▶ **What the task asks**: Skip the images and copy each record exactly as written.

*** Data for this task ***

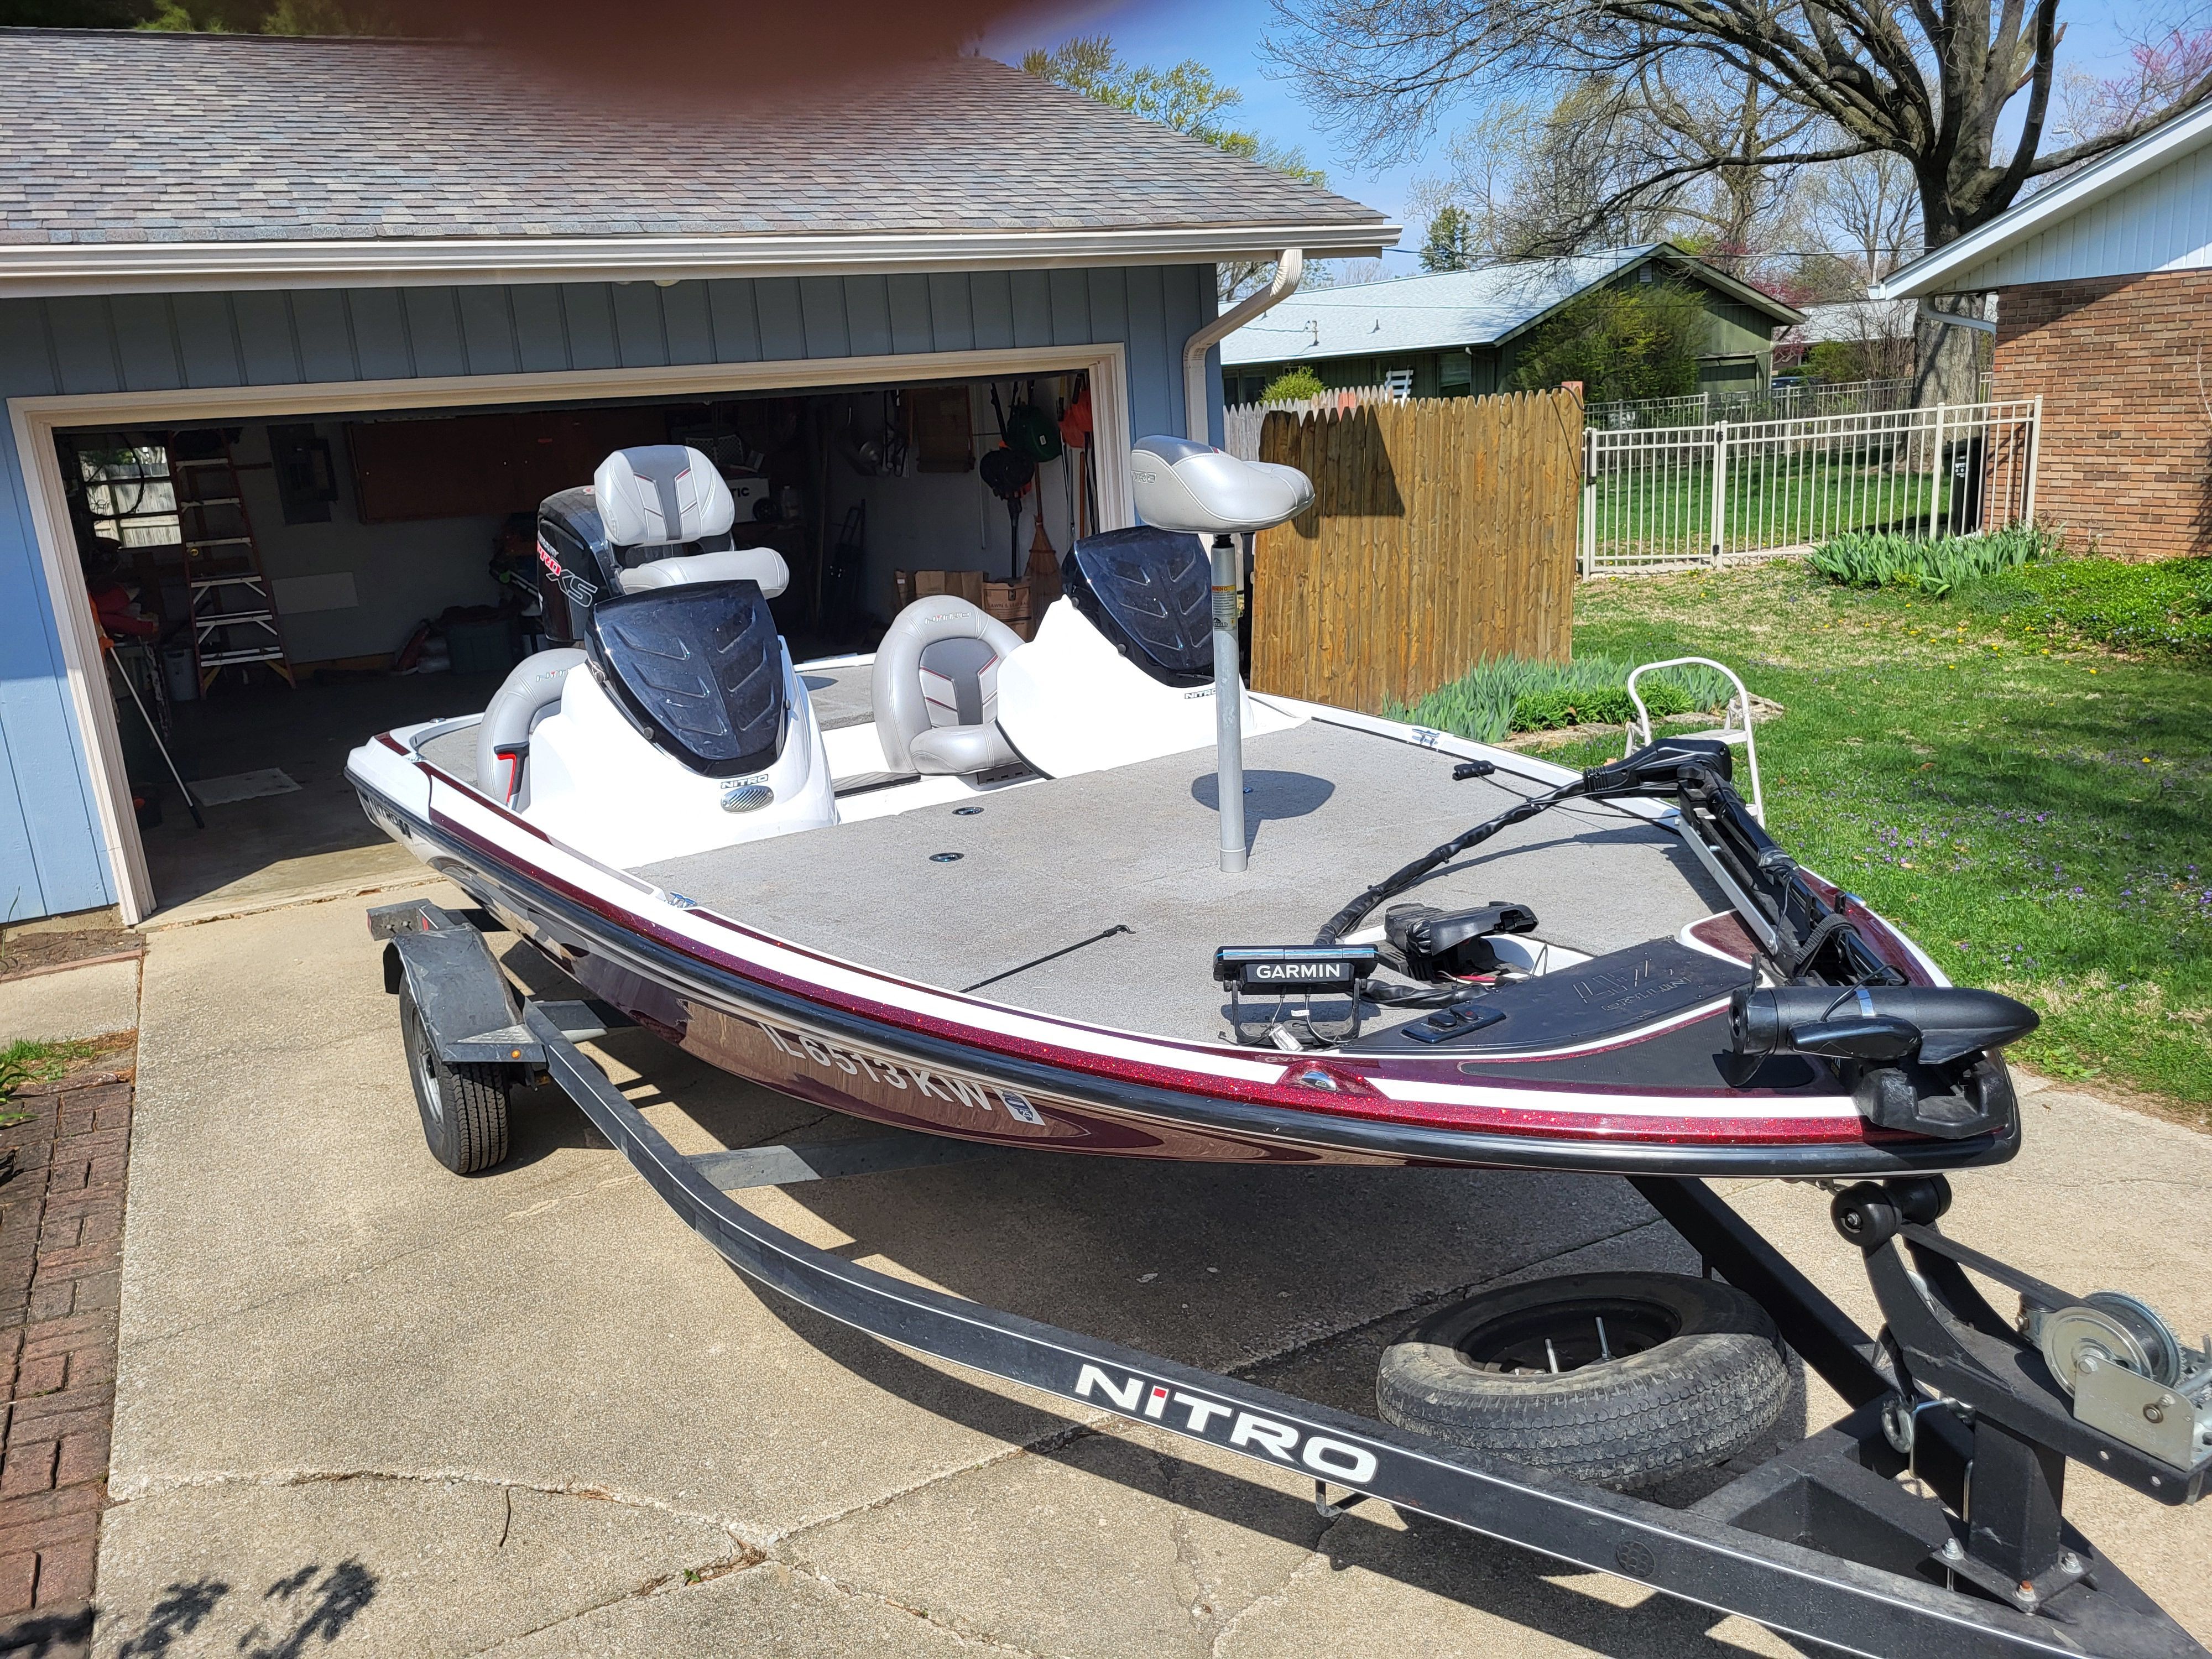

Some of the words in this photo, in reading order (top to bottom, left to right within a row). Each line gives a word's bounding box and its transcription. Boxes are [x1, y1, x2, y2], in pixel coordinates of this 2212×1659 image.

[546, 568, 598, 608] XS
[721, 774, 769, 789] NITRO
[1256, 964, 1340, 978] GARMIN
[1020, 1109, 1032, 1118] 25
[1074, 1363, 1378, 1484] NITRO

*** End of Data for this task ***

▶ **Written response**:
Some of the words in this photo, in reading order (top to bottom, left to right within a row). Each line gives a word's bounding box and its transcription. Boxes are [x1, y1, x2, y2], in pixel coordinates of this 2212×1659 image.

[546, 568, 598, 608] XS
[721, 774, 769, 789] NITRO
[1256, 964, 1340, 978] GARMIN
[1020, 1109, 1032, 1118] 25
[1074, 1363, 1378, 1484] NITRO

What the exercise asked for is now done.